78.小手毬 美薗と作る未来①
鳶田の妹さんが、恋愛相談部への入部を宣言した翌日。
いつも通り放課後になると、簗木が僕の席に近付いてきた。
お互いに部活で時間が取れないことも多いので、こうして放課後に軽く話すというのが、僕らのお約束である。
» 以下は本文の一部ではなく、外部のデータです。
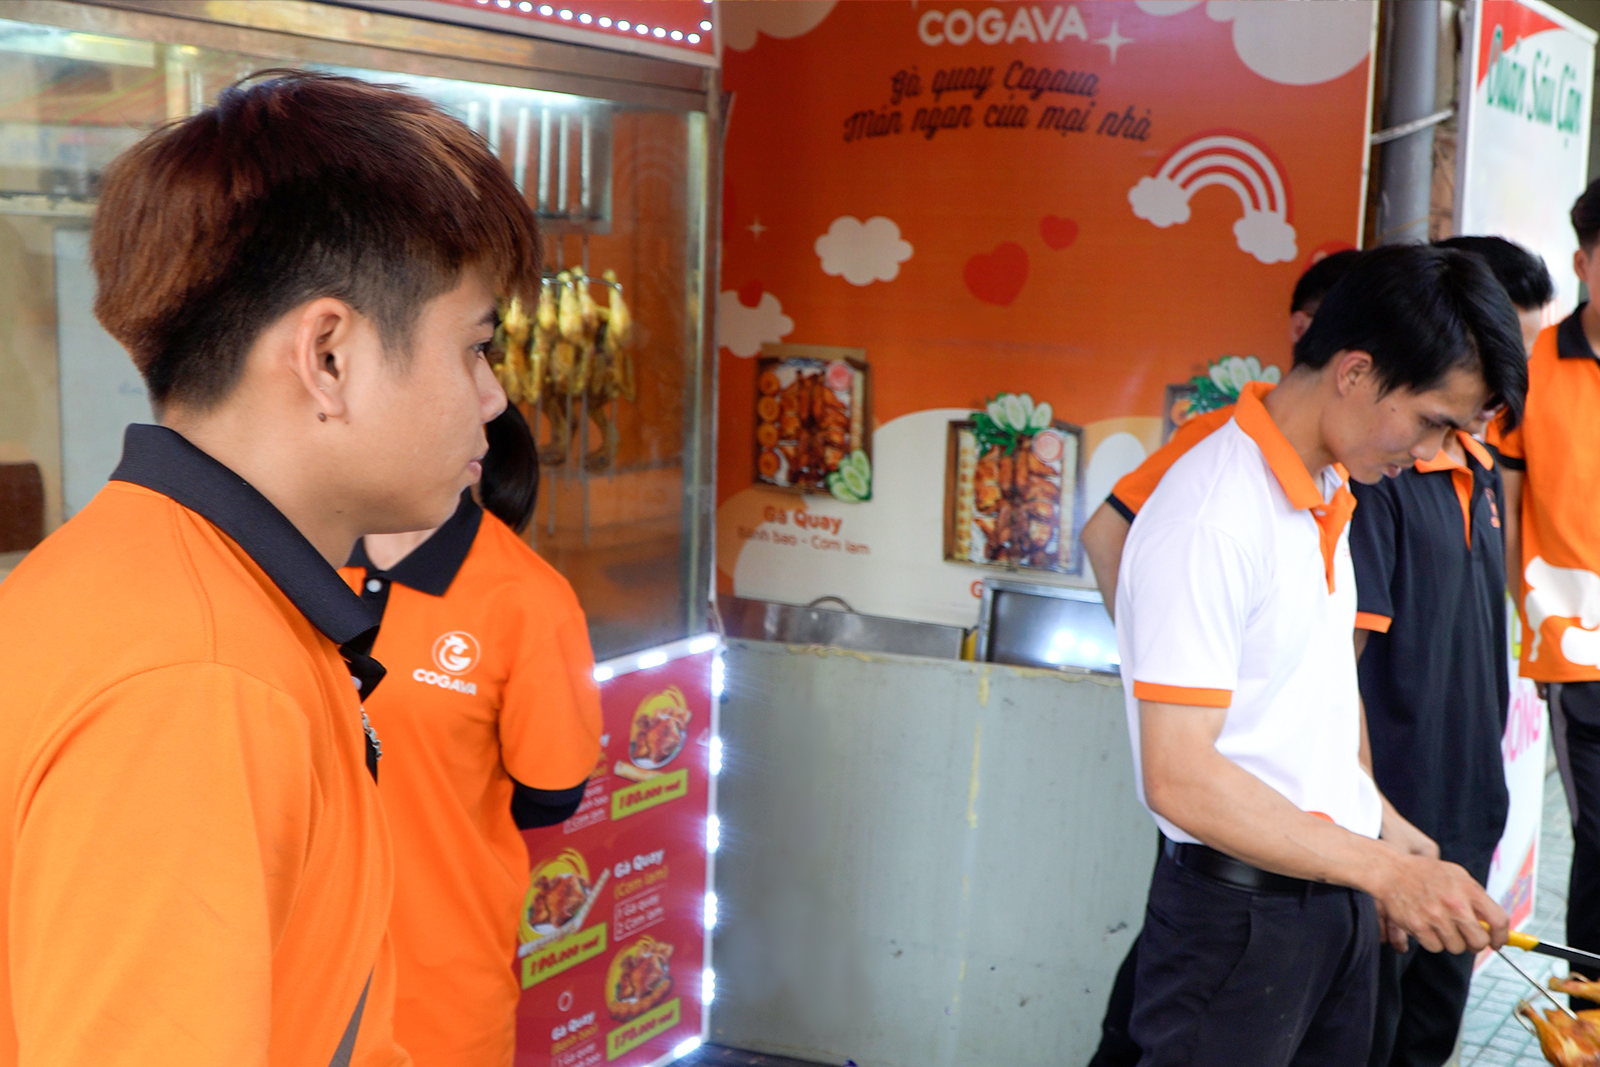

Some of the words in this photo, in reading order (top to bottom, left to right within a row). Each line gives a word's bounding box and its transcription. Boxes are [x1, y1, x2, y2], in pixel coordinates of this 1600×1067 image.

[917, 5, 1088, 46] COGAVA
[793, 508, 842, 536] Quay
[412, 668, 477, 697] COGAVA
「今日も知麻が誰か連れてくるって聞いたんだが、それって恋愛相談部の新入部員なんだよな?」
「ああ。というか昨日、そっちに行ってた子と同一人物だぞ。まるで別人だから、多分見たら驚くだろうけど」
どうやら簗木は恋人である影戌後輩から、事前に鳶田さんのことを聞いているらしい。
……関係ないけど、鳶田さんもうちの部員になったんだから、影戌後輩に倣って「鳶田後輩」に呼び方を変えるべきだろうか。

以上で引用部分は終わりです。